The significant association observed between plasma BNP/NT-proBNP concentrations, disease severity and mortality in patients with COVID-19 is likely to reflect the presence of heart failure and its adverse sequelae in this group. In this context, these routine and relatively inexpensive biomarkers might assist the clinician with the early diagnosis of cardiac dysfunction and the prompt initiation of appropriate pharmacological and non-pharmacological therapies (67). Further research is warranted to determine whether the assessment of BNP/NT-proBNP might also be incorporated into predictive tools that are specifically developed and validated in COVID-19 patients. The reported associations, in meta-regression analysis, between the SMD of BNP/NT-proBNP and D-dimer, myoglobin, LDH, and pro-calcitonin suggests that the effect size is particularly correlated with markers of pro-coagulant activity, skeletal muscle and other tissue damage, and severe sepsis, respectively. Notably, these markers have, in turn, been shown to have significant associations with COVID-19 severity and outcomes (68–70). By contrast, the lack of associations observed with other cardiac biomarkers, e.g., troponin and CK, suggests that the measurement of BNP/NT-proBNP may provide complementary, rather than redundant, information regarding the presence of cardiac abnormalities in patients with COVID-19.

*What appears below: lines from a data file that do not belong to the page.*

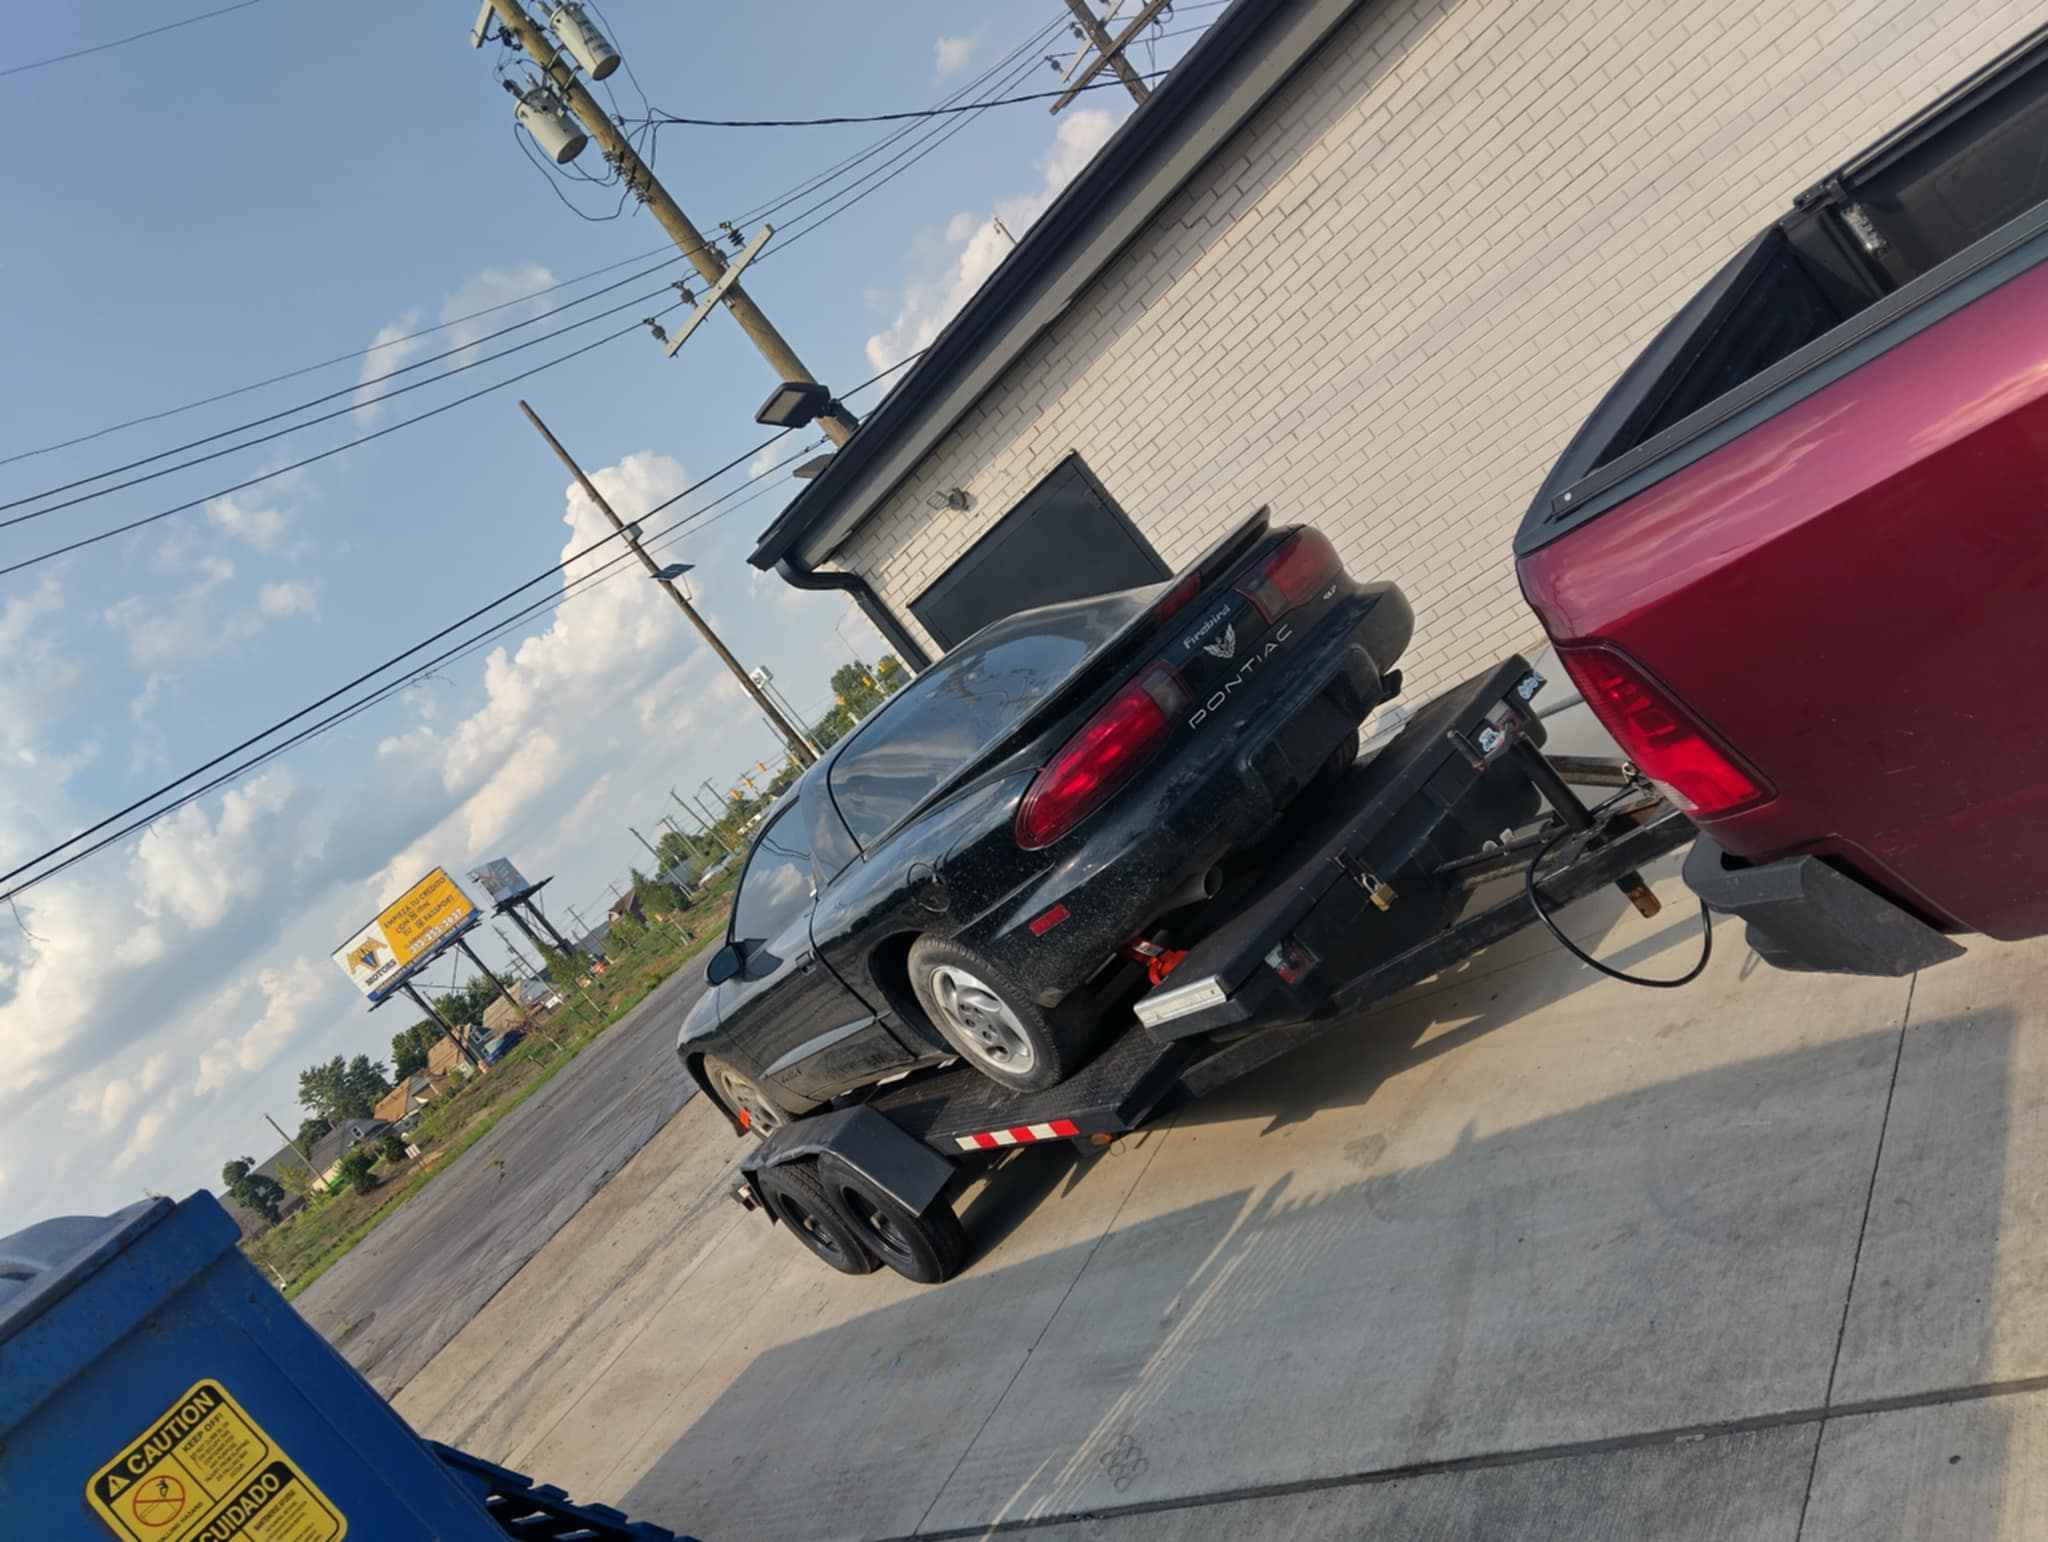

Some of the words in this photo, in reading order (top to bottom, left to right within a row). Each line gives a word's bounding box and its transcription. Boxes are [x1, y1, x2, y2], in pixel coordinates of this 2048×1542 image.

[1183, 604, 1231, 649] Firebird
[1188, 624, 1293, 729] PONTIAC
[127, 1391, 215, 1475] CAUTION
[183, 1430, 204, 1453] KEEP
[201, 1472, 280, 1542] CUIDADO

The extreme between-study heterogeneity represents a limitation of our study. However, we did not observe significant publication bias and the overall effect size was not substantially affected in sensitivity analyses. The lack of significant associations between the SMD and several patient and study characteristics, except for D-dimer, myoglobin, LDH, and procalcitonin concentrations, suggests that other unreported factors might have contributed to the observed heterogeneity. Such factors may include the relationship between the SMD values and the presence of new onset vs. acute on chronic heart failure and the information regarding the specific analytical methods used for the determination of BNP and NT-proBNP plasma concentrations (66). In this context, the lack of available information on indexes of left ventricular function prevented the conduct of further meta-regression analyses of the association between such indexes and the SMD values. Furthermore, virtually all selected studies reported isolated, rather than serial, measurements of natriuretic peptide shortly after hospital admission. This issue is particularly important as the routine monitoring of BNP/NT-proBNP concentrations has been shown to be beneficial in heart failure (71). Further studies should investigate the prognostic value of single vs. serial BNP/NT-proBNP measurements also in patients with COVID-19.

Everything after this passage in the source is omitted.